Describe the modeling approach and briefly report the estimated total, direct, and indirect effects (if these are reported). Authors used the counterfactual approach to mediation analysis (with survival data) proposed by Valeri and VanderWeele, as this method allows to decompose the total effect into indirect and direct effects while accounting for exposure-mediator interactions, nonlinearity and confounding (exposure-outcome, mediator-outcome, exposure-mediator). In the analysis authors conducted Cox proportional hazards models (outcome: incident cancers, exposure: race) which were adjusted for age, sex, marital status, education, health status and region. Results were reported as hazard ratios and 95% CIs (for natural direct effects, natural indirect effects and total effects) and proportions mediated.

Effects, HR (95% CI)

Race and breast cancer

Total

BMI: 0.82 (0.75, 0.90)

Current smoker: 0.83 (0.76, 0.91)

Physical activity: 0.83 (0.76, 0.91)

Alcohol use: 0.83 (0.76, 0.91)   

Nutrition: 0.83 (0.76, 0.91)

Direct

BMI: 0.81 (0.74, 0.89)

Current smoker: 0.83 (0.76, 0.91)

Physical activity: 0.83 (0.76, 0.91)

Alcohol use: 0.83 (0.76, 0.91)   

Nutrition: 0.84 (0.77, 0.92)

Indirect

BMI: 1.01 (1.01, 1.02)

Current smoker: 1.00 (1.00, 1.00)

Physical activity: 0.998 (0.997, 0.999)

Alcohol use: 1.00 (1.00, 1.00)

Nutrition: 0.988 (0.979, 0.996)


Race and prostate cancer

Total

BMI: 1.84 (1.74, 1.95)

Current smoker: 1.87 (1.77, 1.98)

Physical activity: 1.87 (1.76, 1.98)

Alcohol use: 1.87 (1.76, 1.98)

Nutrition: 1.86 (1.76, 1.97)

Direct

BMI: 1.88 (1.78, 1.99)

Current smoker: 1.87 (1.77, 1.98)

Physical activity: 1.87 (1.76, 1.98)

Alcohol use: 1.87 (1.76, 1.98)

Nutrition: 1.88 (1.77, 1.99)

Indirect

BMI: 0.979 (0.975, 0.984)

Current smoker: 1.00 (1.00, 1.00)

Physical activity: 1.00 (0.99, 1.00)

Alcohol use: 1.00 (0.99, 1.00)

Nutrition: 0.99 (0.987, 0.997)


Race and colorectal cancer

Total

BMI: 1.14 (1.02, 1.26)

Current smoker: 1.14 (1.02, 1.26)

Physical activity: 1.15 (1.03, 1.28)

Alcohol use: 1.14 (1.02, 1.26)   

Nutrition: 1.14 (1.02, 1.26)

Direct

BMI: 1.11 (1.00, 1.24)

Current smoker: 1.14 (1.02, 1.26)

Physical activity: 1.15 (1.03, 1.28)

Alcohol use: 1.14 (1.02, 1.26)

Nutrition: 1.15 (1.04, 1.28)

Indirect

BMI: 1.022 (1.017, 1.027)

Current smoker: 0.99 (0.99, 1.00)

Physical activity: 1.00 (0.99, 1.01)

Alcohol use: 1.00 (0.99, 1.00)

Nutrition: 0.98 (0.97, 0.99)

If the direct effect is reported, would you describe this as a natural direct effect, a controlled direct effect, or something else? As per authors description in the methods these are natural direct effects, but I do not understand the distinction with the controlled effect, or what could be something else.  

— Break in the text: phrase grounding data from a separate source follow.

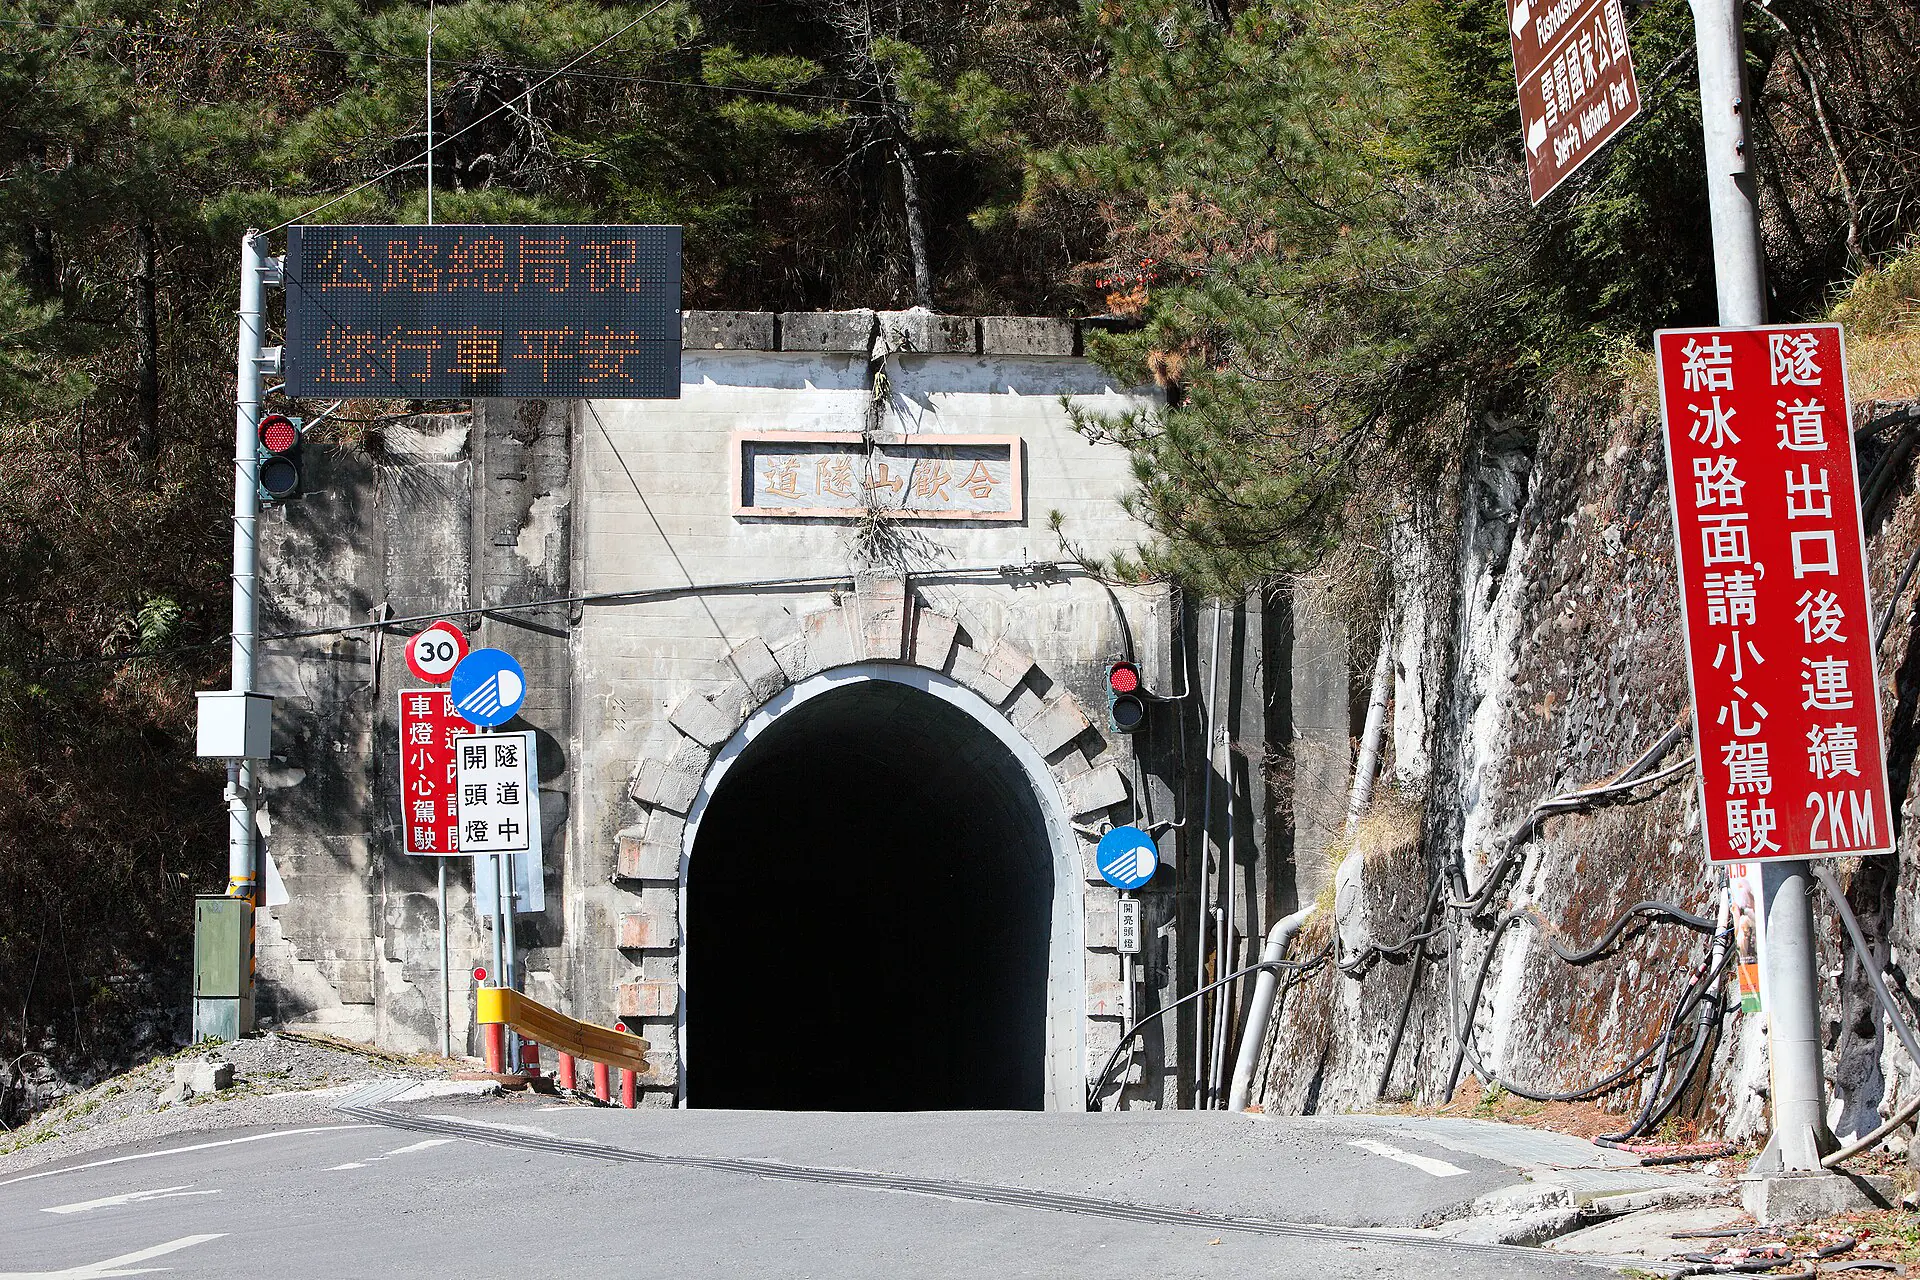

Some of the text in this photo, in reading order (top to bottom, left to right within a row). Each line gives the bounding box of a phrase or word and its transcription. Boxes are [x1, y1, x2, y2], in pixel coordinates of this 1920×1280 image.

[1541, 1, 1627, 128] 雪霸國家公園
[1553, 74, 1632, 169] Shei-Pa National Park
[317, 235, 641, 293] 公路總局祝
[315, 325, 640, 382] 您行車平安
[419, 641, 454, 662] 30
[408, 694, 438, 851] 車燈小心駕駛
[463, 744, 489, 844] 開頭燈
[494, 744, 520, 843] 隧道中
[1123, 903, 1134, 949] 開亮頭燈

 Do you think there is potential measurement error in the mediator and how would that affect the results? In this study there is potential for measurement error of the mediators. Due the nature of the data and how it was collected, it is likely that participants under-report (BMI, smoking status, alcohol consumption) or over-report (physical activity, nutrition) information. Measurement error can be present in all five variables and if the scenario I described is true the associations between mediators and outcome should be stronger. I have a question here; in order to say the results would be different, is it needed that the measurement error is differential according to race? I do not think that there would be “differential misclassification of mediators” by race per se, but perhaps by other factors, such as education. And what if race influences education? One of the assumptions authors mentioned for this type of analysis is that exposure does not affect any of the mediator-outcome confounders. Could race -through enclaves, parental income, people can’t afford going to better schools out of the neighborhood, etc.- influence education and then education the mediators? Maybe in this study this is not important because all participants (members of AARP) probably have similar characteristics, but could this be a problem in another setting?  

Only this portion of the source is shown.